Directions
Set down every record below exactly as written, but leave out the pictures.

Material to process
>>

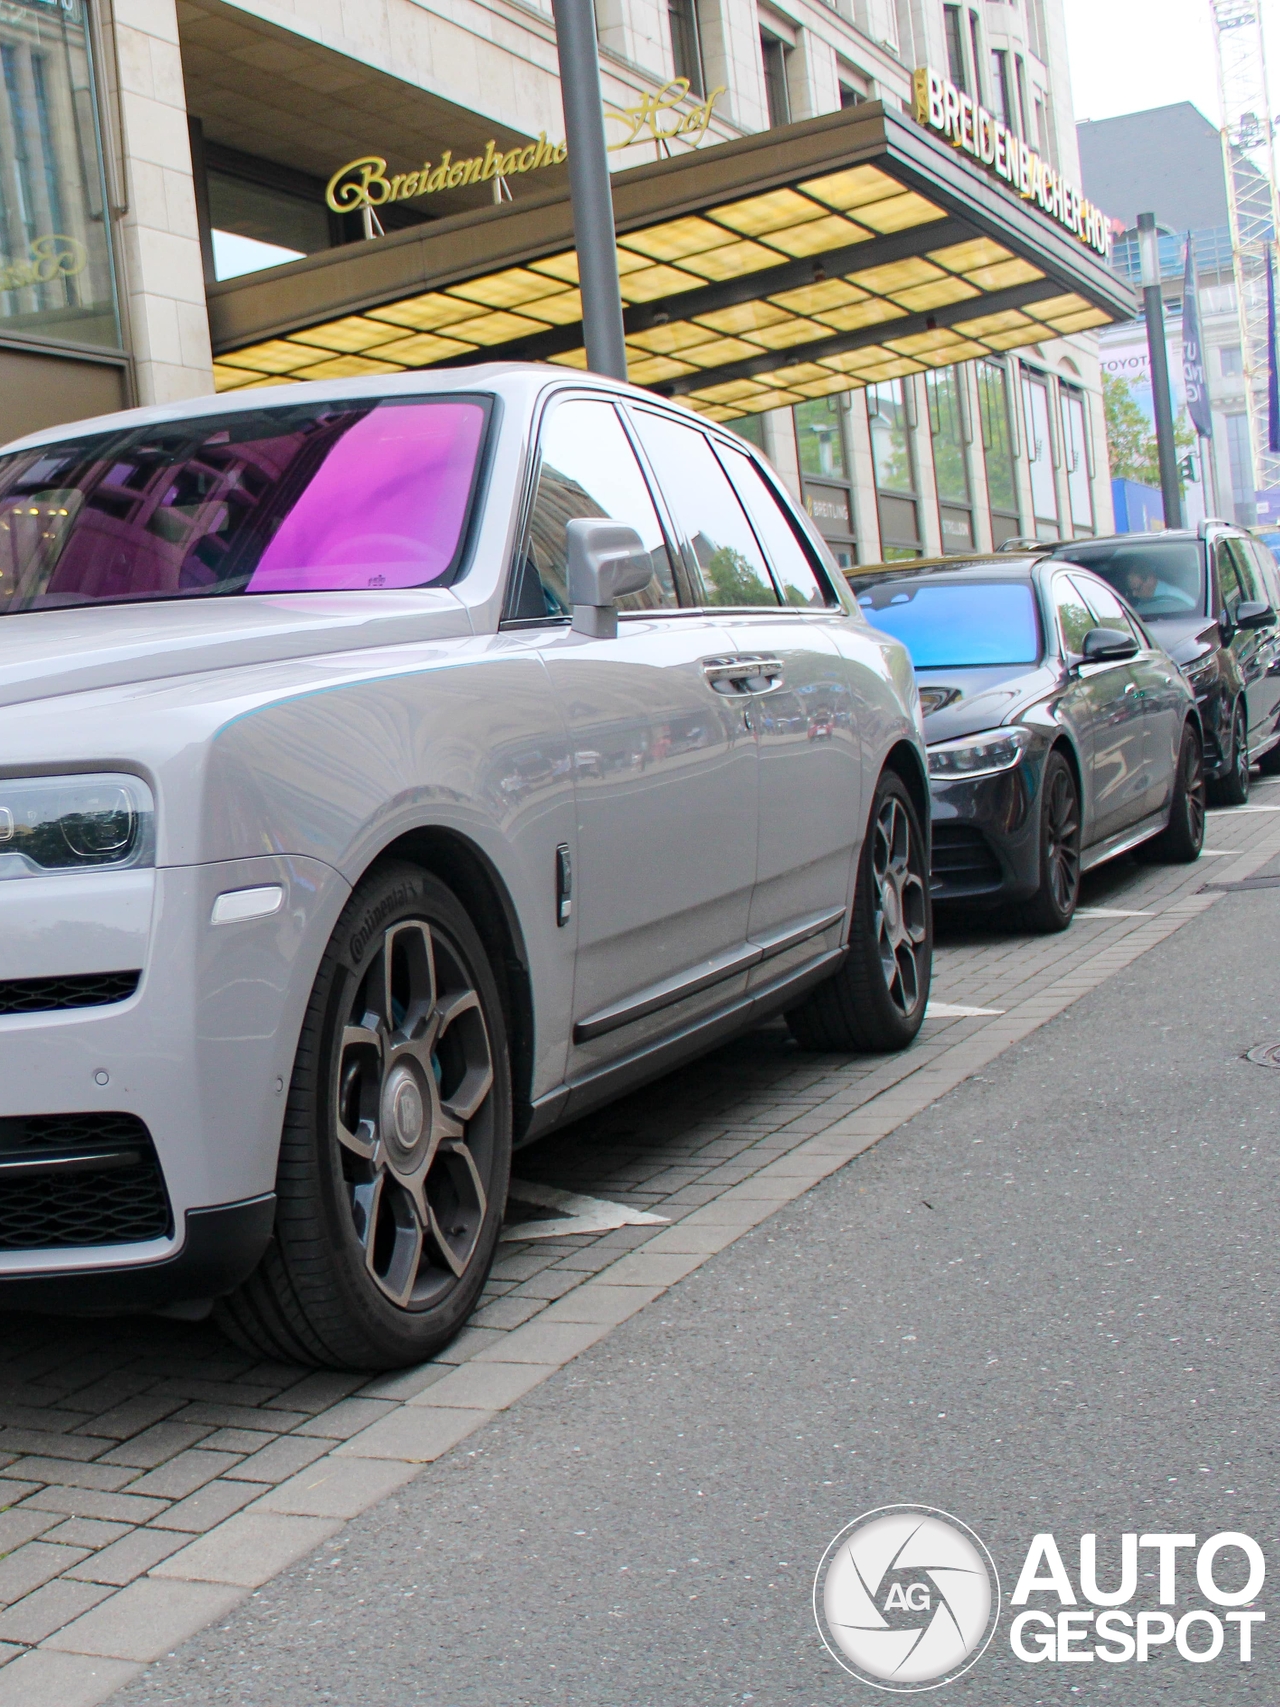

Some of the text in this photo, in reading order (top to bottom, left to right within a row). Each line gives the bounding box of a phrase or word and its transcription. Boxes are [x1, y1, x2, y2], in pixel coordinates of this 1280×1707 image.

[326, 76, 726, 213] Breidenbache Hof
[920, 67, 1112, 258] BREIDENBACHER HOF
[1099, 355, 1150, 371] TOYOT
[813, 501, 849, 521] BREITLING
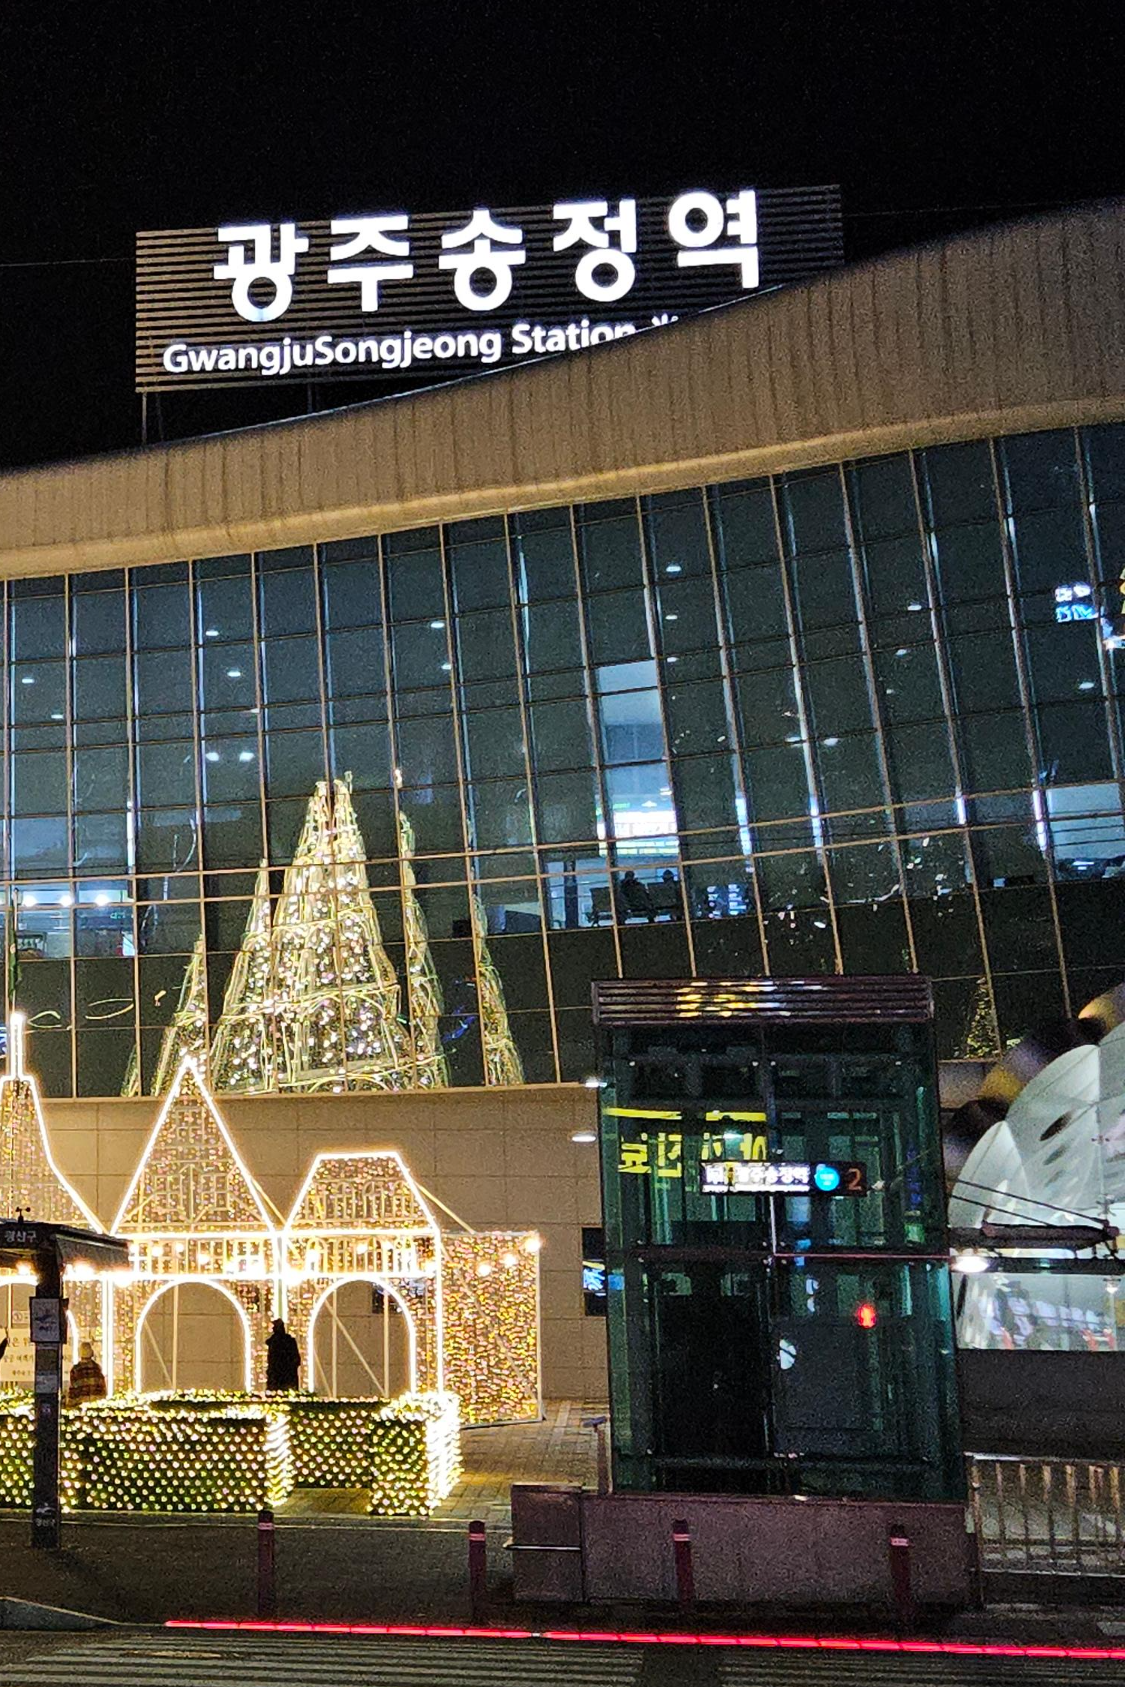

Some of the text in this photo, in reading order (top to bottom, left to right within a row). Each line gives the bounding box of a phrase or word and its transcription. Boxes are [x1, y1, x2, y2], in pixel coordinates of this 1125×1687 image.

<<

Exercise answer
Some of the text in this photo, in reading order (top to bottom, left to right within a row). Each line gives the bounding box of a phrase or word and its transcription. Boxes are [x1, y1, x2, y2], in pixel coordinates of this 1280×1707 image.

[326, 76, 726, 213] Breidenbache Hof
[920, 67, 1112, 258] BREIDENBACHER HOF
[1099, 355, 1150, 371] TOYOT
[813, 501, 849, 521] BREITLING

Some of the text in this photo, in reading order (top to bottom, left to right within a row). Each line gives the bounding box of a phrase or word and its transcription. Boxes are [x1, y1, x2, y2], in pixel coordinates of this 1125×1687 image.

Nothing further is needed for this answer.